Sin embargo, su gran trabajo fue fundar y desarrollar el Opus Dei. El nombre llegó por casualidad. «Esto es una obra de Dios», le dijo uno. «He aquí el nombre exacto, pensó: la obra no es mía, sino de Dios. Opus Dei.» Vio crecer ante sus ojos esta obra hasta extenderse a todos los continentes: comenzó entonces el trabajo de sus viajes intercontinentales para las nuevas fundaciones y para dar conferencias. La extensión, el número y la calidad de los socios del Opus Dei ha hecho pensar en no se sabe qué intenciones de poder y de férrea obediencia de gregarios. La verdad es lo contrario, sólo existe el deseo de hacer santos, pero con alegría, con espíritu de servicio y de gran libertad.

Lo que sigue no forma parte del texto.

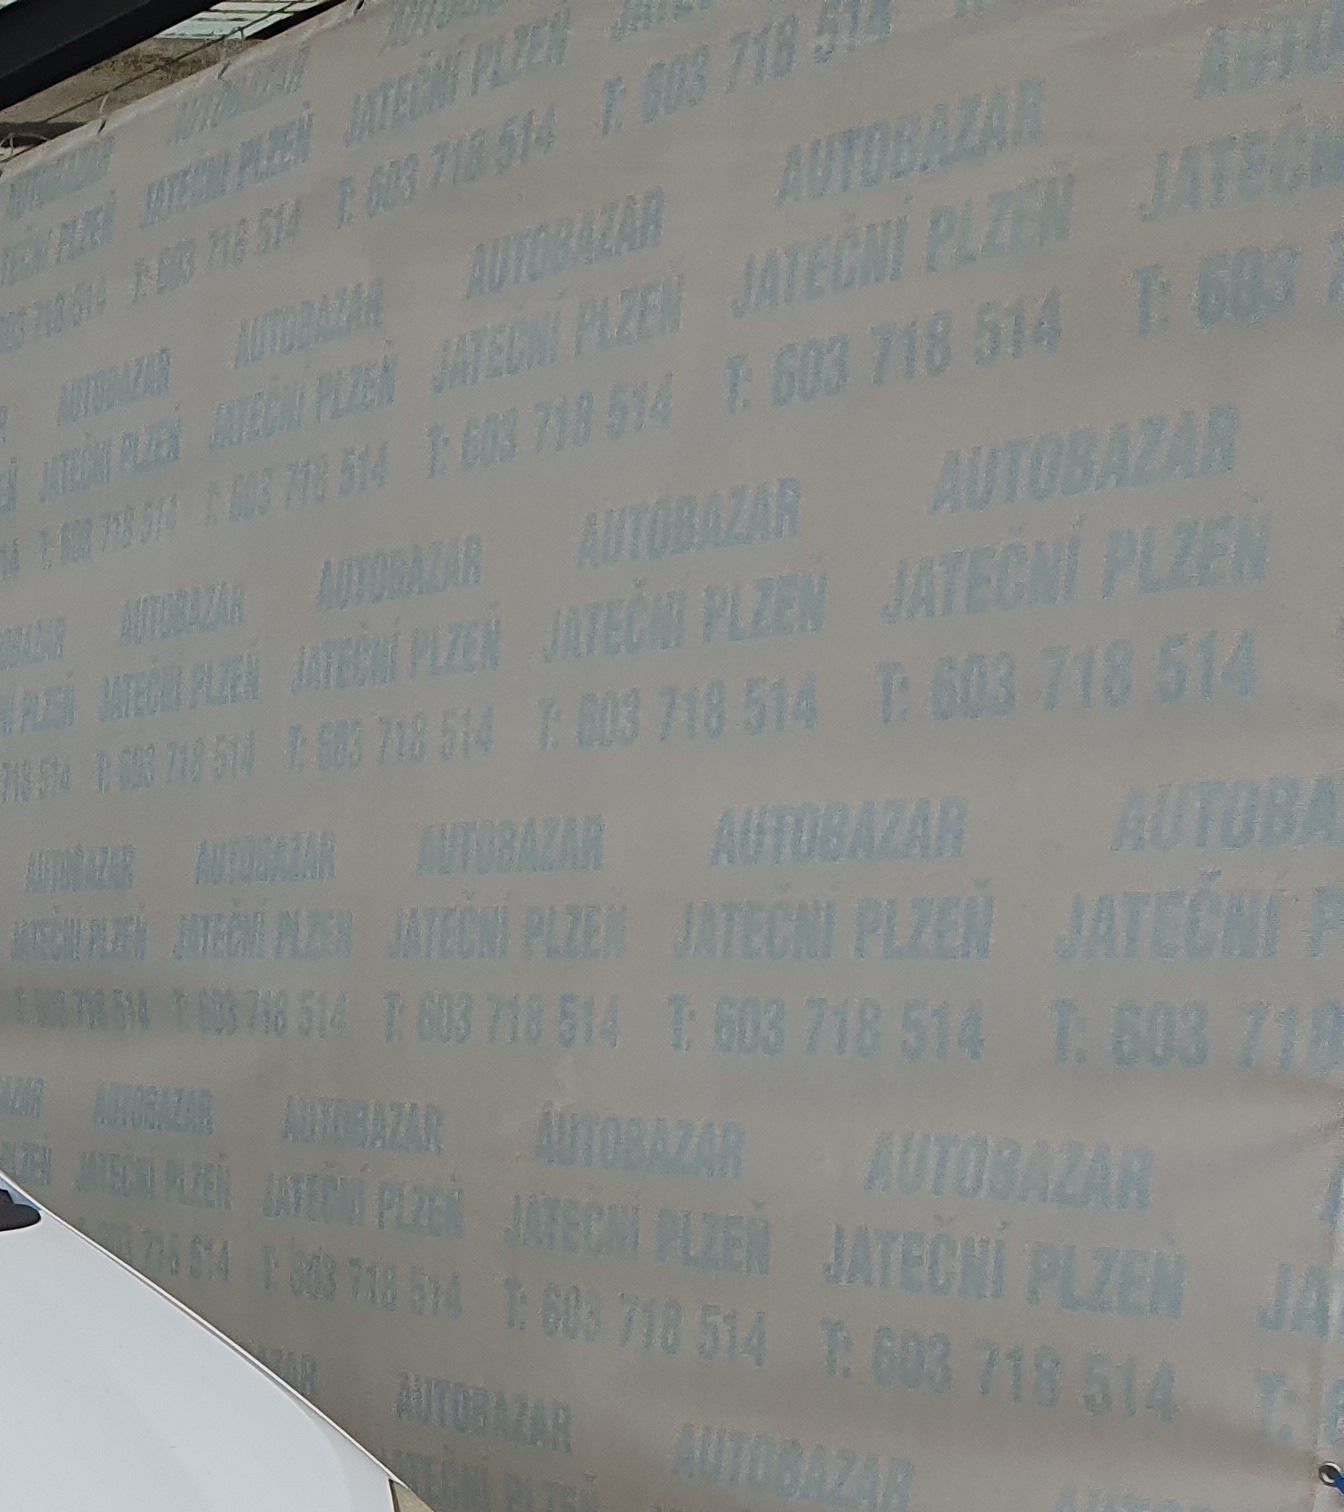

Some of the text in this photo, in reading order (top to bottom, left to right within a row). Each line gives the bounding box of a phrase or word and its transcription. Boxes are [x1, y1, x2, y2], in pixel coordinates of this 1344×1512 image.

[364, 152, 419, 220] 603
[775, 78, 1047, 208] AUTOBAZAR
[464, 187, 666, 302] AUTOBAZAR
[729, 158, 1080, 321] JATEČNÍ PLZEŇ
[573, 258, 686, 361] PLZEŇ
[724, 288, 1064, 417] T: 603 718 514
[57, 345, 172, 426] AUTOBAZAR
[312, 341, 400, 427] PLZEŇ
[426, 423, 451, 479] T:
[460, 408, 518, 473] 603
[605, 371, 674, 441] 514
[929, 402, 1242, 516] AUTOBAZAR
[576, 477, 802, 569] AUTOBAZAR
[880, 493, 1275, 627] JATEČNÍ PLZEŇ
[291, 602, 503, 697] JATEČNÍ PLZEŇ
[541, 555, 831, 665] JATEČNÍ PLZEŇ
[188, 640, 262, 711] PLZEŇ
[575, 687, 642, 752] 603
[658, 679, 725, 745] 718
[741, 674, 820, 738] 514
[876, 629, 1261, 729] T: 603 718 514
[95, 748, 112, 796] T:
[118, 743, 157, 793] 603
[287, 704, 495, 776] T: 603 718 514
[416, 815, 605, 877] AUTOBAZAR
[709, 796, 969, 870] AUTOBAZAR
[382, 889, 627, 962] JATEČNÍ PLZEŇ
[672, 877, 996, 963] JATEČNÍ PLZEŇ
[1056, 868, 1289, 960] JATEČNÍ
[296, 989, 350, 1039] 514
[383, 990, 407, 1044] T:
[415, 991, 474, 1046] 603
[486, 993, 544, 1048] 718
[667, 993, 986, 1064] T: 603 718 514
[1050, 999, 1088, 1064] T:
[1113, 1001, 1209, 1069] 603
[531, 1109, 747, 1184] AUTOBAZAR
[862, 1131, 1155, 1219] AUTOBAZAR
[376, 1174, 466, 1243] PLZEŇ
[654, 1203, 773, 1280] PLZEŇ
[821, 1219, 1189, 1323] JATEČNÍ PLZEŇ
[695, 1302, 769, 1371] 514
[820, 1318, 1184, 1431] T: 603 718 514

«Somos ecuménicos, Padre Santo, pero no hemos aprendido el ecumenismo de Vuestra Santidad», se atrevió a decir un día Escri­vá al Papa Juan XXIII. Este sonrió: sabía que, desde 1950, el Opus Dei tenía permiso de Pío XII para recibir como cooperadores a los no católicos y a los no cristianos.

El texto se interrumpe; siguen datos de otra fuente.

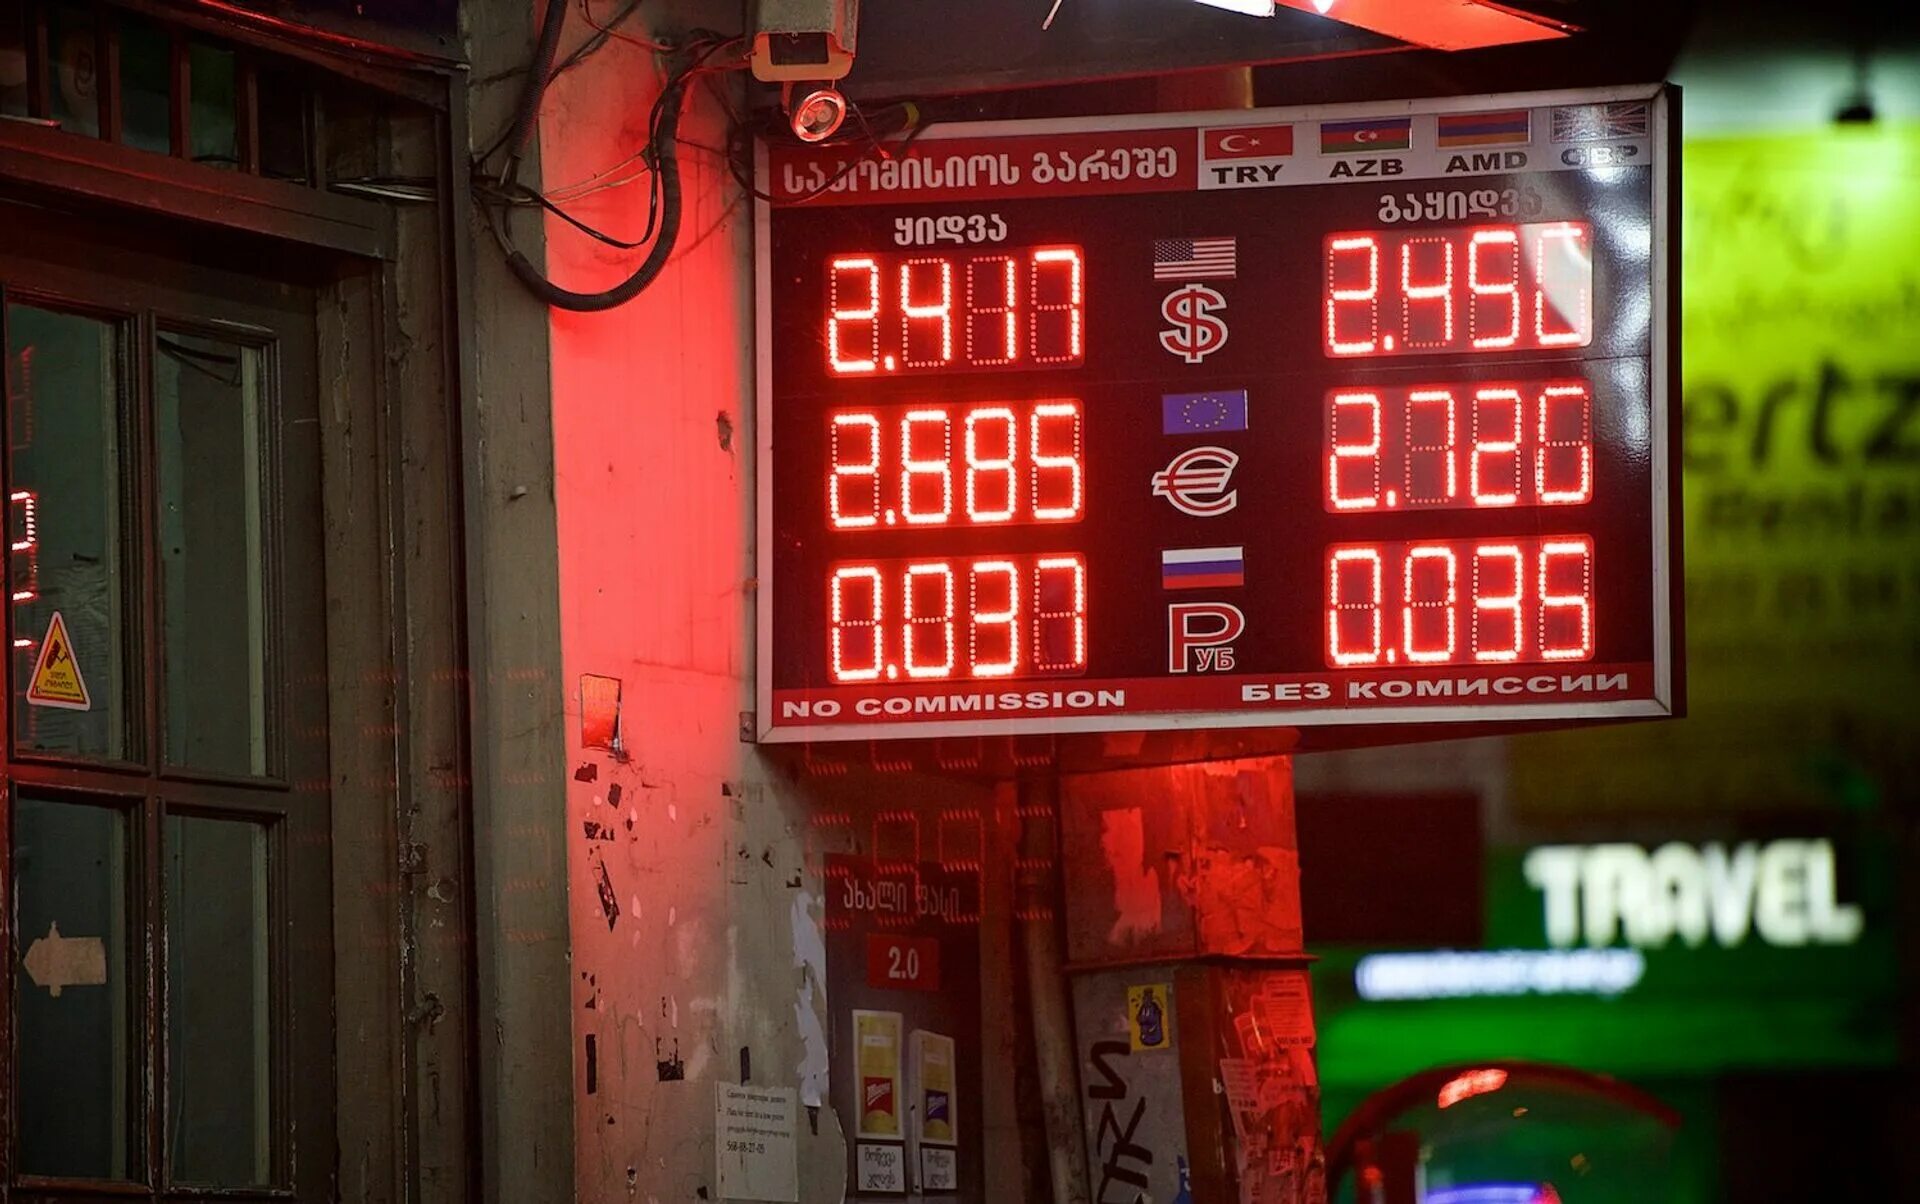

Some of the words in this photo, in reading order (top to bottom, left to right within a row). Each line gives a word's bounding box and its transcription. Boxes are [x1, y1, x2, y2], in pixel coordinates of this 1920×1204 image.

[1032, 145, 1177, 182] გარეშე
[1211, 164, 1284, 185] TRY
[1329, 158, 1404, 179] AZB
[1445, 150, 1528, 174] AMD
[1378, 187, 1543, 223] გაყიდვა
[894, 213, 1008, 246] ყიდვა
[829, 250, 1080, 373] 2.417
[1683, 355, 1920, 478] ertz
[829, 404, 1081, 528] 2.685
[1330, 387, 1590, 509] 2.720
[831, 558, 1083, 681] 0.037
[1330, 543, 1590, 663] 0.035
[782, 699, 841, 719] NO
[854, 689, 1126, 716] COMMISSION
[1242, 683, 1331, 702] БЕЗ
[1348, 673, 1628, 699] КОМИССИИ
[843, 877, 907, 913] ახალი
[1524, 838, 1864, 948] TRAVEL
[888, 946, 919, 980] 2.0

Escrivá fumaba cuando era estudiante. Cuando entró en el semi­nario, regaló las pipas y el tabaco al portero y no volvió a fumar. Pero el día en que fueron ordenados los tres primeros sacerdotes del Opus Dei, dijo: «Yo no fumo, vosotros tres tampoco: Don Alva­ro, es necesario que empieces a fumar tú…; deseo que los demás no se sientan obligados, y que fumen, si les gusta». Ocurre a veces que un socio, a quien el Opus Dei solamente ayuda a tomar res­ponsablemente decisiones libres, también en política, ostenta un cargo importante. Eso es asunto suyo, no del Opus Dei. Cuando en 1957, una alta personalidad felicitó a Escrivá porque un socio había sido nombrado ministro en España recibió esta respuesta, más bien seca: «¿Qué me importa que sea ministro o barrendero? Lo que importa es que se santifique con su trabajo». En esta respuesta está todo el pensamiento de Escrivá y el espíritu del Opus Dei: que uno se santifique con su trabajo, aunque sea de ministro, si tiene ese puesto: que sea santo de verdad. Lo demás importa poco.